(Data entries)
*** Begin section ***
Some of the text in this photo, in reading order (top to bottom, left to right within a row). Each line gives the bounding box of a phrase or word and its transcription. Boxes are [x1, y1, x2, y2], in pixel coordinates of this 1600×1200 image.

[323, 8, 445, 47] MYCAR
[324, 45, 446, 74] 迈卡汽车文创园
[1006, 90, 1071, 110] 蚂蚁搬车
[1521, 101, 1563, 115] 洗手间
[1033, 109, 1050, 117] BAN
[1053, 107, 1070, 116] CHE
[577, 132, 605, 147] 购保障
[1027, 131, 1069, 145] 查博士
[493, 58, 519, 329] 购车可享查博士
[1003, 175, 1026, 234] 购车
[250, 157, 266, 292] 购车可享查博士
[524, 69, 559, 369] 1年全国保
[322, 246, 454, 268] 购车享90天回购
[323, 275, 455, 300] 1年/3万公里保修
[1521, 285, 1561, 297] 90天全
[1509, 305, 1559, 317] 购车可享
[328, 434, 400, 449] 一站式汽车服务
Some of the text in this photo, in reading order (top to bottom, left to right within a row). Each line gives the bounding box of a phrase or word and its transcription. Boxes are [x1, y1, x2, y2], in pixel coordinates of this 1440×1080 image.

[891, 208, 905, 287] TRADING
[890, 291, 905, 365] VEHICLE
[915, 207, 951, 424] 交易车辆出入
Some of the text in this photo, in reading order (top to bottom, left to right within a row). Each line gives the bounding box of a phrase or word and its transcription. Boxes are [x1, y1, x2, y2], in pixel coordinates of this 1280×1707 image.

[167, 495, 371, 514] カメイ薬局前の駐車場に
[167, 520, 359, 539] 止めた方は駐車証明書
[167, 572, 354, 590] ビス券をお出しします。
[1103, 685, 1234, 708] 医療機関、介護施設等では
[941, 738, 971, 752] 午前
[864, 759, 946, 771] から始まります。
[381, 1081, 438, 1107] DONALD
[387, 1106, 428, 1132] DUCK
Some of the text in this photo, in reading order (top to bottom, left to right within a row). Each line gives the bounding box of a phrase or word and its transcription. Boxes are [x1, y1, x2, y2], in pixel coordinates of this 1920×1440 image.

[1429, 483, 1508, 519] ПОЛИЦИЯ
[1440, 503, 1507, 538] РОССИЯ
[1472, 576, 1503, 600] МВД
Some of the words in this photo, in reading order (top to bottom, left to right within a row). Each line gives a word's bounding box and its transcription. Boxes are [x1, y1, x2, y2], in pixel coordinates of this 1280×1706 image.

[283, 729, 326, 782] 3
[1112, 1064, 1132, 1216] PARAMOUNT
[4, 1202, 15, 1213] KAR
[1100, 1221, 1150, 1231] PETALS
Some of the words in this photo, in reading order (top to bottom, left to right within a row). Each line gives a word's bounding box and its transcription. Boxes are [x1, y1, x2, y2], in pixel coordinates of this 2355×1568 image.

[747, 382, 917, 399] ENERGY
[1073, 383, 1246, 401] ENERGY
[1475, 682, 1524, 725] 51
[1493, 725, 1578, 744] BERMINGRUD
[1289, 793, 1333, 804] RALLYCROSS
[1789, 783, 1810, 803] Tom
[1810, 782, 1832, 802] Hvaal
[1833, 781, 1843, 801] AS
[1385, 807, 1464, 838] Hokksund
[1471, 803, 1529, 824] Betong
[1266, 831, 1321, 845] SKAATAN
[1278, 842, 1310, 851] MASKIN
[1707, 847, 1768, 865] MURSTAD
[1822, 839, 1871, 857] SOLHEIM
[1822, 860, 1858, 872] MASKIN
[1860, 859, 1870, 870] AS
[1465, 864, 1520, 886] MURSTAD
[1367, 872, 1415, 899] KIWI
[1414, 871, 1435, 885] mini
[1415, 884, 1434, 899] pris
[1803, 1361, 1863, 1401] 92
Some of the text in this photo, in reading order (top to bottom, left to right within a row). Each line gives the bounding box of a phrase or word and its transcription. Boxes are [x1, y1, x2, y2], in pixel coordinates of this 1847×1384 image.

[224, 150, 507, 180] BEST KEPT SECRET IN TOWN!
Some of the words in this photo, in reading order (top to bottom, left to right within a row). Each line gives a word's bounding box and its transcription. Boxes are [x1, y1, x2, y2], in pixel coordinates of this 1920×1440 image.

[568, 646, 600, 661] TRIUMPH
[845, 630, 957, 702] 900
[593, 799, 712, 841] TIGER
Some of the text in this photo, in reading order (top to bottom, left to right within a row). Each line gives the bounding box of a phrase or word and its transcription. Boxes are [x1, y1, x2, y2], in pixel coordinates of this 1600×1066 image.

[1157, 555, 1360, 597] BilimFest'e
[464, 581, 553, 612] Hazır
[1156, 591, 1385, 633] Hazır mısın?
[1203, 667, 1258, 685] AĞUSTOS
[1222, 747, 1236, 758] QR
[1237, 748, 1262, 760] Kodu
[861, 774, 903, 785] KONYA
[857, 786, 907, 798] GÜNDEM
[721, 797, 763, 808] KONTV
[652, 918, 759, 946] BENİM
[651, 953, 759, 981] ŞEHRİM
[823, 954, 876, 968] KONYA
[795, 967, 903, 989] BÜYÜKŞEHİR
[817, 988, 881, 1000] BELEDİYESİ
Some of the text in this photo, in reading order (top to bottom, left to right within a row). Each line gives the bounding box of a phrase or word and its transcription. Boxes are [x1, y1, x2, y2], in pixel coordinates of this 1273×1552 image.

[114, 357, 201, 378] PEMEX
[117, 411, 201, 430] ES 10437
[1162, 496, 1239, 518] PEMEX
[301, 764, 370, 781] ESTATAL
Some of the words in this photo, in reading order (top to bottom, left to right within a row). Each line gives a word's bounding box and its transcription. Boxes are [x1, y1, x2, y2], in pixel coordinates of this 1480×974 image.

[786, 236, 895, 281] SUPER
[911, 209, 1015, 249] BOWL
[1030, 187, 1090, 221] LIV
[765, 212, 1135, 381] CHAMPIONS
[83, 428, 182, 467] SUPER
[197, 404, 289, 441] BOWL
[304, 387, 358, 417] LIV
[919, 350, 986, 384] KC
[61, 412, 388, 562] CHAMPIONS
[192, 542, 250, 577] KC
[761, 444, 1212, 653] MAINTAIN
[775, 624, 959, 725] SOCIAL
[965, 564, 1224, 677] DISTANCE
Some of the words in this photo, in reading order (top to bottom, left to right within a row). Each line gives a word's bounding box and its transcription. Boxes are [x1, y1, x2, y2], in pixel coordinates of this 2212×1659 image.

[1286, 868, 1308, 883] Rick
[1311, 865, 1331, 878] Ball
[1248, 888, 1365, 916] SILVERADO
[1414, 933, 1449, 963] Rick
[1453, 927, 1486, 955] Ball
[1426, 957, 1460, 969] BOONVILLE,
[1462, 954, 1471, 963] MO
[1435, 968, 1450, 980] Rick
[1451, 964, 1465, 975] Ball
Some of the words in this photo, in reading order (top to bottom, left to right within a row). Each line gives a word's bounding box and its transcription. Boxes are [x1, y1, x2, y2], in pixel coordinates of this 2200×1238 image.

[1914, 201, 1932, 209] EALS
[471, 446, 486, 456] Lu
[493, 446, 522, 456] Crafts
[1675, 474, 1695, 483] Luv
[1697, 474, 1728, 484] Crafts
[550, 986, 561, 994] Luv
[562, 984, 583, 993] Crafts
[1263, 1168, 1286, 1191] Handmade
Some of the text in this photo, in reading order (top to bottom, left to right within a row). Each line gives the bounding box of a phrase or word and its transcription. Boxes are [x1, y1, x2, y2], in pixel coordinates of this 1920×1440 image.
*** End section ***
▸ What is needed
Would you output every record above exactly as it stands?

▸ Written answer
Some of the text in this photo, in reading order (top to bottom, left to right within a row). Each line gives the bounding box of a phrase or word and its transcription. Boxes are [x1, y1, x2, y2], in pixel coordinates of this 1600×1200 image.

[323, 8, 445, 47] MYCAR
[324, 45, 446, 74] 迈卡汽车文创园
[1006, 90, 1071, 110] 蚂蚁搬车
[1521, 101, 1563, 115] 洗手间
[1033, 109, 1050, 117] BAN
[1053, 107, 1070, 116] CHE
[577, 132, 605, 147] 购保障
[1027, 131, 1069, 145] 查博士
[493, 58, 519, 329] 购车可享查博士
[1003, 175, 1026, 234] 购车
[250, 157, 266, 292] 购车可享查博士
[524, 69, 559, 369] 1年全国保
[322, 246, 454, 268] 购车享90天回购
[323, 275, 455, 300] 1年/3万公里保修
[1521, 285, 1561, 297] 90天全
[1509, 305, 1559, 317] 购车可享
[328, 434, 400, 449] 一站式汽车服务
Some of the text in this photo, in reading order (top to bottom, left to right within a row). Each line gives the bounding box of a phrase or word and its transcription. Boxes are [x1, y1, x2, y2], in pixel coordinates of this 1440×1080 image.

[891, 208, 905, 287] TRADING
[890, 291, 905, 365] VEHICLE
[915, 207, 951, 424] 交易车辆出入
Some of the text in this photo, in reading order (top to bottom, left to right within a row). Each line gives the bounding box of a phrase or word and its transcription. Boxes are [x1, y1, x2, y2], in pixel coordinates of this 1280×1707 image.

[167, 495, 371, 514] カメイ薬局前の駐車場に
[167, 520, 359, 539] 止めた方は駐車証明書
[167, 572, 354, 590] ビス券をお出しします。
[1103, 685, 1234, 708] 医療機関、介護施設等では
[941, 738, 971, 752] 午前
[864, 759, 946, 771] から始まります。
[381, 1081, 438, 1107] DONALD
[387, 1106, 428, 1132] DUCK
Some of the text in this photo, in reading order (top to bottom, left to right within a row). Each line gives the bounding box of a phrase or word and its transcription. Boxes are [x1, y1, x2, y2], in pixel coordinates of this 1920×1440 image.

[1429, 483, 1508, 519] ПОЛИЦИЯ
[1440, 503, 1507, 538] РОССИЯ
[1472, 576, 1503, 600] МВД
Some of the words in this photo, in reading order (top to bottom, left to right within a row). Each line gives a word's bounding box and its transcription. Boxes are [x1, y1, x2, y2], in pixel coordinates of this 1280×1706 image.

[283, 729, 326, 782] 3
[1112, 1064, 1132, 1216] PARAMOUNT
[4, 1202, 15, 1213] KAR
[1100, 1221, 1150, 1231] PETALS
Some of the words in this photo, in reading order (top to bottom, left to right within a row). Each line gives a word's bounding box and its transcription. Boxes are [x1, y1, x2, y2], in pixel coordinates of this 2355×1568 image.

[747, 382, 917, 399] ENERGY
[1073, 383, 1246, 401] ENERGY
[1475, 682, 1524, 725] 51
[1493, 725, 1578, 744] BERMINGRUD
[1289, 793, 1333, 804] RALLYCROSS
[1789, 783, 1810, 803] Tom
[1810, 782, 1832, 802] Hvaal
[1833, 781, 1843, 801] AS
[1385, 807, 1464, 838] Hokksund
[1471, 803, 1529, 824] Betong
[1266, 831, 1321, 845] SKAATAN
[1278, 842, 1310, 851] MASKIN
[1707, 847, 1768, 865] MURSTAD
[1822, 839, 1871, 857] SOLHEIM
[1822, 860, 1858, 872] MASKIN
[1860, 859, 1870, 870] AS
[1465, 864, 1520, 886] MURSTAD
[1367, 872, 1415, 899] KIWI
[1414, 871, 1435, 885] mini
[1415, 884, 1434, 899] pris
[1803, 1361, 1863, 1401] 92
Some of the text in this photo, in reading order (top to bottom, left to right within a row). Each line gives the bounding box of a phrase or word and its transcription. Boxes are [x1, y1, x2, y2], in pixel coordinates of this 1847×1384 image.

[224, 150, 507, 180] BEST KEPT SECRET IN TOWN!
Some of the words in this photo, in reading order (top to bottom, left to right within a row). Each line gives a word's bounding box and its transcription. Boxes are [x1, y1, x2, y2], in pixel coordinates of this 1920×1440 image.

[568, 646, 600, 661] TRIUMPH
[845, 630, 957, 702] 900
[593, 799, 712, 841] TIGER
Some of the text in this photo, in reading order (top to bottom, left to right within a row). Each line gives the bounding box of a phrase or word and its transcription. Boxes are [x1, y1, x2, y2], in pixel coordinates of this 1600×1066 image.

[1157, 555, 1360, 597] BilimFest'e
[464, 581, 553, 612] Hazır
[1156, 591, 1385, 633] Hazır mısın?
[1203, 667, 1258, 685] AĞUSTOS
[1222, 747, 1236, 758] QR
[1237, 748, 1262, 760] Kodu
[861, 774, 903, 785] KONYA
[857, 786, 907, 798] GÜNDEM
[721, 797, 763, 808] KONTV
[652, 918, 759, 946] BENİM
[651, 953, 759, 981] ŞEHRİM
[823, 954, 876, 968] KONYA
[795, 967, 903, 989] BÜYÜKŞEHİR
[817, 988, 881, 1000] BELEDİYESİ
Some of the text in this photo, in reading order (top to bottom, left to right within a row). Each line gives the bounding box of a phrase or word and its transcription. Boxes are [x1, y1, x2, y2], in pixel coordinates of this 1273×1552 image.

[114, 357, 201, 378] PEMEX
[117, 411, 201, 430] ES 10437
[1162, 496, 1239, 518] PEMEX
[301, 764, 370, 781] ESTATAL
Some of the words in this photo, in reading order (top to bottom, left to right within a row). Each line gives a word's bounding box and its transcription. Boxes are [x1, y1, x2, y2], in pixel coordinates of this 1480×974 image.

[786, 236, 895, 281] SUPER
[911, 209, 1015, 249] BOWL
[1030, 187, 1090, 221] LIV
[765, 212, 1135, 381] CHAMPIONS
[83, 428, 182, 467] SUPER
[197, 404, 289, 441] BOWL
[304, 387, 358, 417] LIV
[919, 350, 986, 384] KC
[61, 412, 388, 562] CHAMPIONS
[192, 542, 250, 577] KC
[761, 444, 1212, 653] MAINTAIN
[775, 624, 959, 725] SOCIAL
[965, 564, 1224, 677] DISTANCE
Some of the words in this photo, in reading order (top to bottom, left to right within a row). Each line gives a word's bounding box and its transcription. Boxes are [x1, y1, x2, y2], in pixel coordinates of this 2212×1659 image.

[1286, 868, 1308, 883] Rick
[1311, 865, 1331, 878] Ball
[1248, 888, 1365, 916] SILVERADO
[1414, 933, 1449, 963] Rick
[1453, 927, 1486, 955] Ball
[1426, 957, 1460, 969] BOONVILLE,
[1462, 954, 1471, 963] MO
[1435, 968, 1450, 980] Rick
[1451, 964, 1465, 975] Ball
Some of the words in this photo, in reading order (top to bottom, left to right within a row). Each line gives a word's bounding box and its transcription. Boxes are [x1, y1, x2, y2], in pixel coordinates of this 2200×1238 image.

[1914, 201, 1932, 209] EALS
[471, 446, 486, 456] Lu
[493, 446, 522, 456] Crafts
[1675, 474, 1695, 483] Luv
[1697, 474, 1728, 484] Crafts
[550, 986, 561, 994] Luv
[562, 984, 583, 993] Crafts
[1263, 1168, 1286, 1191] Handmade
Some of the text in this photo, in reading order (top to bottom, left to right within a row). Each line gives the bounding box of a phrase or word and its transcription. Boxes are [x1, y1, x2, y2], in pixel coordinates of this 1920×1440 image.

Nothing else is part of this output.